## WHAT YOU ARE ASKED TO DO
The task calls for each record to be given again unchanged, minus any pictures.

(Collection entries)
============

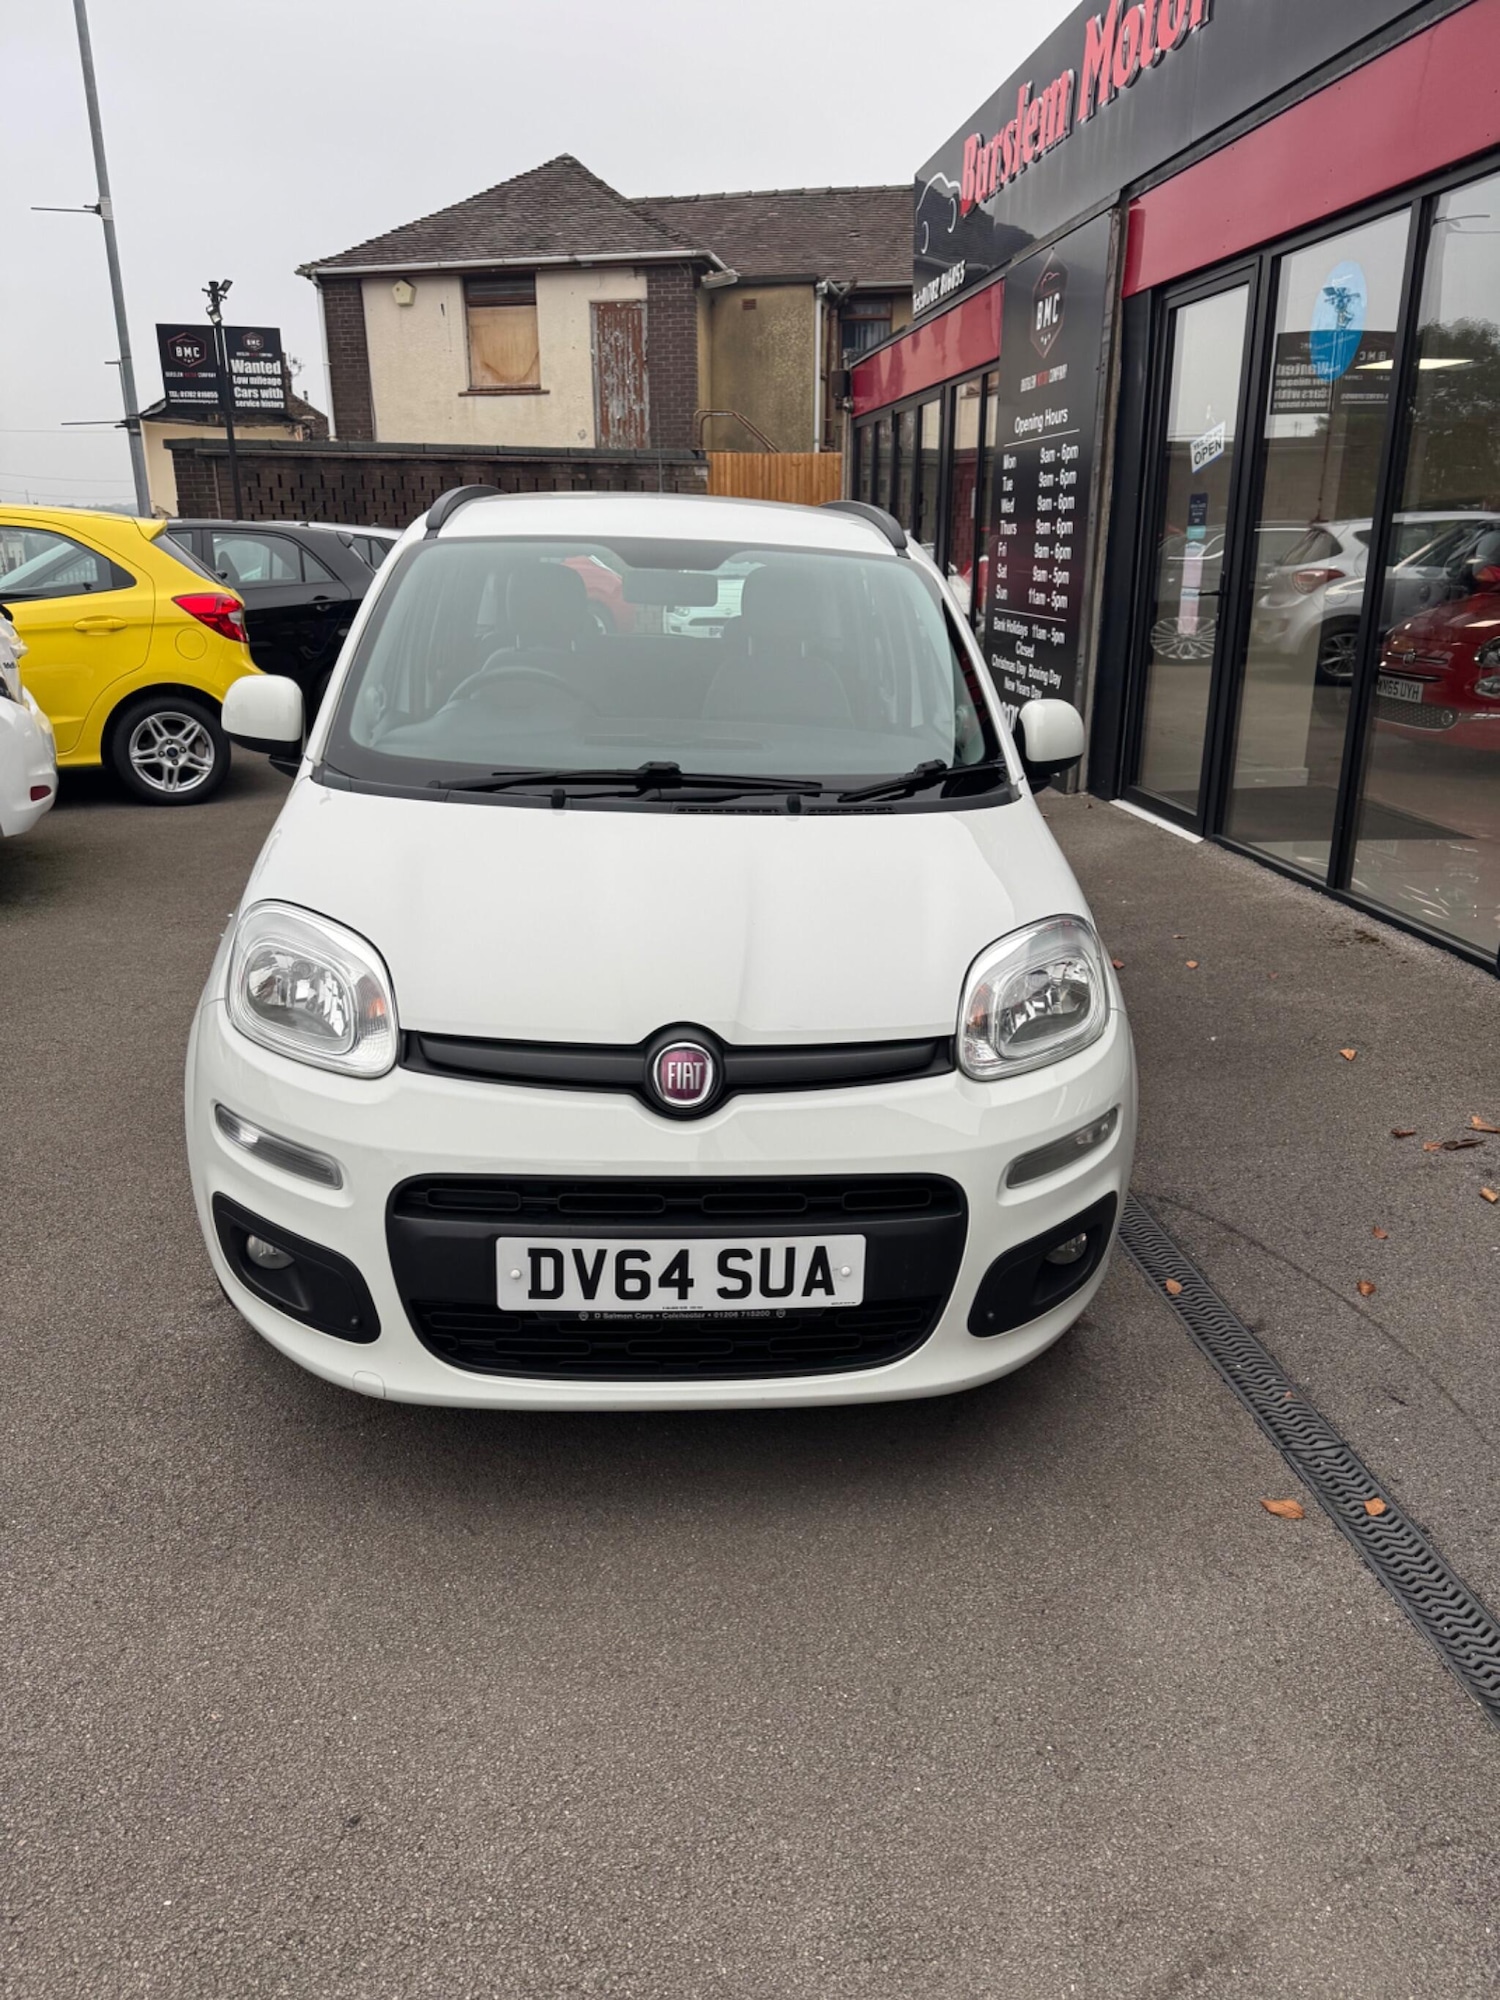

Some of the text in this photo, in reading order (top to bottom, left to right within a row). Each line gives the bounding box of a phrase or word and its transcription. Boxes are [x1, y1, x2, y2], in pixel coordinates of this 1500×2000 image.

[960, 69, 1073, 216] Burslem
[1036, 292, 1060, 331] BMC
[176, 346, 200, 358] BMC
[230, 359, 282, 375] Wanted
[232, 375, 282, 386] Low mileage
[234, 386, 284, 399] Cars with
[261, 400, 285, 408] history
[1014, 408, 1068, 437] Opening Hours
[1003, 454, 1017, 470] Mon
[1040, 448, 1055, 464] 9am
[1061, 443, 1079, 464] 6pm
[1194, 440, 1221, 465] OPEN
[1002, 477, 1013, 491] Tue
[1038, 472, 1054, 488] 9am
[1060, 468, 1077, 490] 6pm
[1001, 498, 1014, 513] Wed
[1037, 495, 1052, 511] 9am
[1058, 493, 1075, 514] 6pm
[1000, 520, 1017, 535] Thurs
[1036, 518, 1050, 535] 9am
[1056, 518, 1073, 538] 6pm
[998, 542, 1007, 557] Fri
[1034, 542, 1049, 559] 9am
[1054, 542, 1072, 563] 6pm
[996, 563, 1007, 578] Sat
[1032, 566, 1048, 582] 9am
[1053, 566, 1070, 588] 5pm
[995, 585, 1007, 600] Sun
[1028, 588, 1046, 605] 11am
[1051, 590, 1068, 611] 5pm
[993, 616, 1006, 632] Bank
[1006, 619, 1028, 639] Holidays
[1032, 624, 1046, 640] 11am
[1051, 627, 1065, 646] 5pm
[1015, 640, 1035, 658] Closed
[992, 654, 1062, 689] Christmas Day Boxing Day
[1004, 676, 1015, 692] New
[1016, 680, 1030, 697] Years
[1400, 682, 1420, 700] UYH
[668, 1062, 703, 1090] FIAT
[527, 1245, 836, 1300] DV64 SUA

============

## THE COMPLETED TASK
Some of the text in this photo, in reading order (top to bottom, left to right within a row). Each line gives the bounding box of a phrase or word and its transcription. Boxes are [x1, y1, x2, y2], in pixel coordinates of this 1500×2000 image.

[960, 69, 1073, 216] Burslem
[1036, 292, 1060, 331] BMC
[176, 346, 200, 358] BMC
[230, 359, 282, 375] Wanted
[232, 375, 282, 386] Low mileage
[234, 386, 284, 399] Cars with
[261, 400, 285, 408] history
[1014, 408, 1068, 437] Opening Hours
[1003, 454, 1017, 470] Mon
[1040, 448, 1055, 464] 9am
[1061, 443, 1079, 464] 6pm
[1194, 440, 1221, 465] OPEN
[1002, 477, 1013, 491] Tue
[1038, 472, 1054, 488] 9am
[1060, 468, 1077, 490] 6pm
[1001, 498, 1014, 513] Wed
[1037, 495, 1052, 511] 9am
[1058, 493, 1075, 514] 6pm
[1000, 520, 1017, 535] Thurs
[1036, 518, 1050, 535] 9am
[1056, 518, 1073, 538] 6pm
[998, 542, 1007, 557] Fri
[1034, 542, 1049, 559] 9am
[1054, 542, 1072, 563] 6pm
[996, 563, 1007, 578] Sat
[1032, 566, 1048, 582] 9am
[1053, 566, 1070, 588] 5pm
[995, 585, 1007, 600] Sun
[1028, 588, 1046, 605] 11am
[1051, 590, 1068, 611] 5pm
[993, 616, 1006, 632] Bank
[1006, 619, 1028, 639] Holidays
[1032, 624, 1046, 640] 11am
[1051, 627, 1065, 646] 5pm
[1015, 640, 1035, 658] Closed
[992, 654, 1062, 689] Christmas Day Boxing Day
[1004, 676, 1015, 692] New
[1016, 680, 1030, 697] Years
[1400, 682, 1420, 700] UYH
[668, 1062, 703, 1090] FIAT
[527, 1245, 836, 1300] DV64 SUA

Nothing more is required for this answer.